● Work required: Print the data exactly as written, but leave out each picture.
Data records START
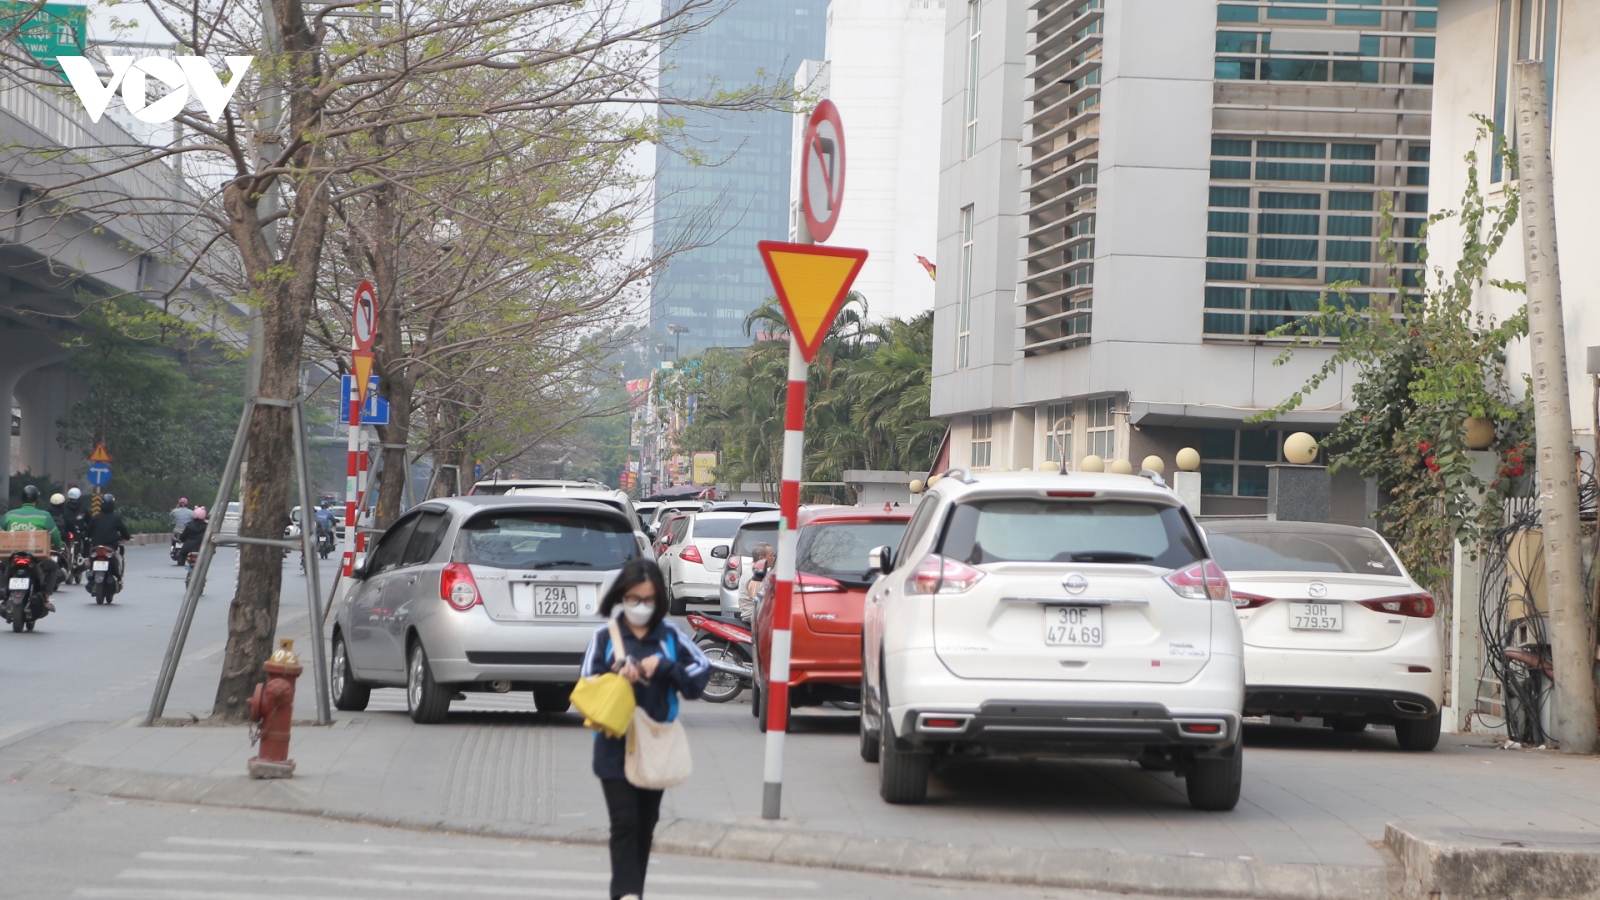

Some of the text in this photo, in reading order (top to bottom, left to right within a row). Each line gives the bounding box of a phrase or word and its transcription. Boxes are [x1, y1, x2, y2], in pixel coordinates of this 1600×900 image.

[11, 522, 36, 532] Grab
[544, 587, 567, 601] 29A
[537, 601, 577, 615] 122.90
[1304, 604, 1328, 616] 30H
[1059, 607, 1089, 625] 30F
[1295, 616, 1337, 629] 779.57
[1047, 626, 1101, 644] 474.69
Data records END
● Task solution:
Some of the text in this photo, in reading order (top to bottom, left to right within a row). Each line gives the bounding box of a phrase or word and its transcription. Boxes are [x1, y1, x2, y2], in pixel coordinates of this 1600×900 image.

[11, 522, 36, 532] Grab
[544, 587, 567, 601] 29A
[537, 601, 577, 615] 122.90
[1304, 604, 1328, 616] 30H
[1059, 607, 1089, 625] 30F
[1295, 616, 1337, 629] 779.57
[1047, 626, 1101, 644] 474.69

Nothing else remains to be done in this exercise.